To repurpose a Bob Dylan line, “here comes the story of the Hurricane”—Sandy: technically a “superstorm,” it brought out the best of the American civic spirit and selflessness, and perhaps even caused a grateful Republican governor to help reelect a Democratic president. Unfortunately, the recent, huge “12-12-12” concert at Madison Square Garden, a star-studded event designed to benefit Sandy relief efforts, showed that craven profiteering is also alive and well in America.

The same day that New York State Sen. Daniel Squadron introduced a bill in Albany to prohibit the scalping of tickets to New York charity events, resellers of “12-12-12” tickets were reportedly listing their golden passes on secondary-market facilitators, such as Stub Hub, for up to $60,000. The tickets sold by the venue itself ranged from $150 to $2,500. Earlier this month, U.S. Sen. Charles Schumer (D-N.Y.) urged online ticket resellers not to list charity tickets on their sites unless the tickets were to be sold at face value or unless excess profits were funneled to the targeted charity. Stub Hub wouldn’t go that far, but it did donate its “12-12-12” ticket resale fees to the Robin Hood Foundation.

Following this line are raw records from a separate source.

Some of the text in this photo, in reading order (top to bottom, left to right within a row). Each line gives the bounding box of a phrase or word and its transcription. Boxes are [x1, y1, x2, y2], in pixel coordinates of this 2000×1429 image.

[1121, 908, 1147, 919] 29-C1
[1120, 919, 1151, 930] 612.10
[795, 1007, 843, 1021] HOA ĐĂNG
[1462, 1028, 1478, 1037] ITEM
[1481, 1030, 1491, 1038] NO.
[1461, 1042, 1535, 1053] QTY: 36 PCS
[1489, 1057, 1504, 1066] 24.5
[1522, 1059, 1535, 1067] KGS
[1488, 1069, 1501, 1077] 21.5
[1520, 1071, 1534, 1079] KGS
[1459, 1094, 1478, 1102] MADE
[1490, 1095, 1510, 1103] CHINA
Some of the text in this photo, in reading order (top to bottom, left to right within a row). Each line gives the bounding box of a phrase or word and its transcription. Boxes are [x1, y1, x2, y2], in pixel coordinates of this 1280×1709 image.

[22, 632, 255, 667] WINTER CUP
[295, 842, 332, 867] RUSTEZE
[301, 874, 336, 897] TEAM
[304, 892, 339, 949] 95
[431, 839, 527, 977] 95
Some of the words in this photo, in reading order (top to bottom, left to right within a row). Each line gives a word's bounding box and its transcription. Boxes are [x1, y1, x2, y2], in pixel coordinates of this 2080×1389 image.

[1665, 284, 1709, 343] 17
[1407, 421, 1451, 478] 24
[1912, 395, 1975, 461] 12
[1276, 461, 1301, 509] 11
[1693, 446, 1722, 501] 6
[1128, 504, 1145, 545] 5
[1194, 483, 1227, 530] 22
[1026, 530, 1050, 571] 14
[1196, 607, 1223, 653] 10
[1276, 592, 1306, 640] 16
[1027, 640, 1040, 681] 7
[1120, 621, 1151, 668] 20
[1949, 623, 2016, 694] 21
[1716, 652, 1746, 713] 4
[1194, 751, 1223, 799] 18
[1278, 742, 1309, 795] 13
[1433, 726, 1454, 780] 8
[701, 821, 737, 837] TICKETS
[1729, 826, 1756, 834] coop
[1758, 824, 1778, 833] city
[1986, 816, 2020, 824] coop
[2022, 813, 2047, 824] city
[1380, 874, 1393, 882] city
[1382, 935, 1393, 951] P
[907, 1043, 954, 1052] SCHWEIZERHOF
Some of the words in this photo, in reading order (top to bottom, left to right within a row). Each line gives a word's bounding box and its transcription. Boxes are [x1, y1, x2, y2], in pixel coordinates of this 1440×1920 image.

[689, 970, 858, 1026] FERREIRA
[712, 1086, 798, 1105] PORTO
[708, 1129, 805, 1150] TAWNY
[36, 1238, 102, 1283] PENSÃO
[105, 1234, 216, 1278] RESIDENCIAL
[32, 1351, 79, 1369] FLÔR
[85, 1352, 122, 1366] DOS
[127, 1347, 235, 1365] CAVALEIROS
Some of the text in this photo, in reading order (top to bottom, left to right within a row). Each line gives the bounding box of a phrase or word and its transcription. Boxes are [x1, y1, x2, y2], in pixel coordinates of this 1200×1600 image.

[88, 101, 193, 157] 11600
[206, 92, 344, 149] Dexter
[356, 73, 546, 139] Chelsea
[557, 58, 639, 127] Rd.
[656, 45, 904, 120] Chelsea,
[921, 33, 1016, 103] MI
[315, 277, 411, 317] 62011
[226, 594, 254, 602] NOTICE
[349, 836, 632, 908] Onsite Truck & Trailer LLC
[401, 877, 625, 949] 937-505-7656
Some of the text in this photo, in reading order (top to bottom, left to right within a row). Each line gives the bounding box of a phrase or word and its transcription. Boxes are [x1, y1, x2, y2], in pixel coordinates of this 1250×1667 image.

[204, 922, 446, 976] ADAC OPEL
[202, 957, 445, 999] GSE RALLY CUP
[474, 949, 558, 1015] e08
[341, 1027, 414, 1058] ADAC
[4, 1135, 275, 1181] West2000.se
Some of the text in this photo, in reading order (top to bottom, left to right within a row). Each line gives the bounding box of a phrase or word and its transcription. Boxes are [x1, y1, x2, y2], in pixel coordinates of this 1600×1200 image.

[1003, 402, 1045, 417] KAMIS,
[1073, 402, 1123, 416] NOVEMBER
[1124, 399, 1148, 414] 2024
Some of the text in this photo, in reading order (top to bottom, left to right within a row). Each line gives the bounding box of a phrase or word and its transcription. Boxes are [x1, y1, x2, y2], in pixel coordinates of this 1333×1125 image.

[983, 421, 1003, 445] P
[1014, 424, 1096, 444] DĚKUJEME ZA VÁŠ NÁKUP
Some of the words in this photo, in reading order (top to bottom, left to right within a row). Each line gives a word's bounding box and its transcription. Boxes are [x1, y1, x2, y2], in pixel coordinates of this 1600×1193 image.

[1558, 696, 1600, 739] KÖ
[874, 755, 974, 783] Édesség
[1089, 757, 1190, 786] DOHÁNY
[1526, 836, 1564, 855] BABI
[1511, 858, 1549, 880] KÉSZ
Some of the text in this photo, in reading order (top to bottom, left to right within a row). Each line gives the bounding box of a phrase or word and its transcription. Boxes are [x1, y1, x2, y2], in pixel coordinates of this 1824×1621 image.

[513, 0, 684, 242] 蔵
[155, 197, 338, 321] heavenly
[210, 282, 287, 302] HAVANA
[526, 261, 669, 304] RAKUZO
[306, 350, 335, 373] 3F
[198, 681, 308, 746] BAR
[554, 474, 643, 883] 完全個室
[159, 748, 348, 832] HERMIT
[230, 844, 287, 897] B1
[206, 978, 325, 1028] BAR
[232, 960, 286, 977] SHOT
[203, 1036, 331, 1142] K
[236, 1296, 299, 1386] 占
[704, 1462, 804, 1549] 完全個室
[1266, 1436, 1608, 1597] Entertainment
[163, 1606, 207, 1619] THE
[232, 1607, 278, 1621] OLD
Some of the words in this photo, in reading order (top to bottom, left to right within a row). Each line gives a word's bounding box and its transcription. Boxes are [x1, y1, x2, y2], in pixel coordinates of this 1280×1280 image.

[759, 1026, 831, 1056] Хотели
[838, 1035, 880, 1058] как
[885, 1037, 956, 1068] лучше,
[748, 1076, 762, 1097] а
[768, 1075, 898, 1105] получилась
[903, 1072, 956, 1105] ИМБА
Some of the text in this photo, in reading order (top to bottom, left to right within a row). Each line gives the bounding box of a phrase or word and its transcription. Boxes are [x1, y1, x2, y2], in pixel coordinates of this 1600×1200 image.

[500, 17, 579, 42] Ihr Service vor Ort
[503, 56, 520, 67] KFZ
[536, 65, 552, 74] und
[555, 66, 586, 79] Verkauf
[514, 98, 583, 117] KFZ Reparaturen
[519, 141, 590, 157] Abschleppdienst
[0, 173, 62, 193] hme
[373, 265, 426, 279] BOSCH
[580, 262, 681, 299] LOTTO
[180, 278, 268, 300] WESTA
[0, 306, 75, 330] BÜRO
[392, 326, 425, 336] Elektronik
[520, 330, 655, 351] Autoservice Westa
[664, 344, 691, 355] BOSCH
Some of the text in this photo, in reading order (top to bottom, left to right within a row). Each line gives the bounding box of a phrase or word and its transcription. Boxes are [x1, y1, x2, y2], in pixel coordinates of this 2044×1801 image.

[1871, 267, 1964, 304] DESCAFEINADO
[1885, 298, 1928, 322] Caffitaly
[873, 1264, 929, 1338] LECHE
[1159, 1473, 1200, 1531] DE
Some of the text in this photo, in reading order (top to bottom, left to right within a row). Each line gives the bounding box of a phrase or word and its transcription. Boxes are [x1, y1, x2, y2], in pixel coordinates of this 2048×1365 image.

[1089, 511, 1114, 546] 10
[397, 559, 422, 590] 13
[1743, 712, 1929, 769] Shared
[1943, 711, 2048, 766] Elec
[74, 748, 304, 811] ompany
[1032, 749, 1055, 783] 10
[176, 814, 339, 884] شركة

NPQ recently suggested that public officials with free tickets to big events at local sports and entertainment venues might find a more charitable use of such perks than using them on themselves and their families or friends. Whether Squadron’s legislative push leads to enacted law or not, at least the bill has helped draw awareness to the fact that, when it comes to charity tickets, some scalpers and others are playing the wrong game. –Louis Altman

  • Keith

    The charity got the full benefit of the original ticket sales, so I don’t have a problem with the resale market. What the resale demand tells you is that they could have charged more for the event and still sold out, with additional benefits going to the charity. It’s improbable, but not inconceivable, that someone who would later be receiving aid from the event proceeds might have been able to buy an original ticket. If he sold it at a huge profit, he would be even better off than if he got only assistance from the charity’s proceeds. Like I said, that’s not a likely scenario, but it could happen.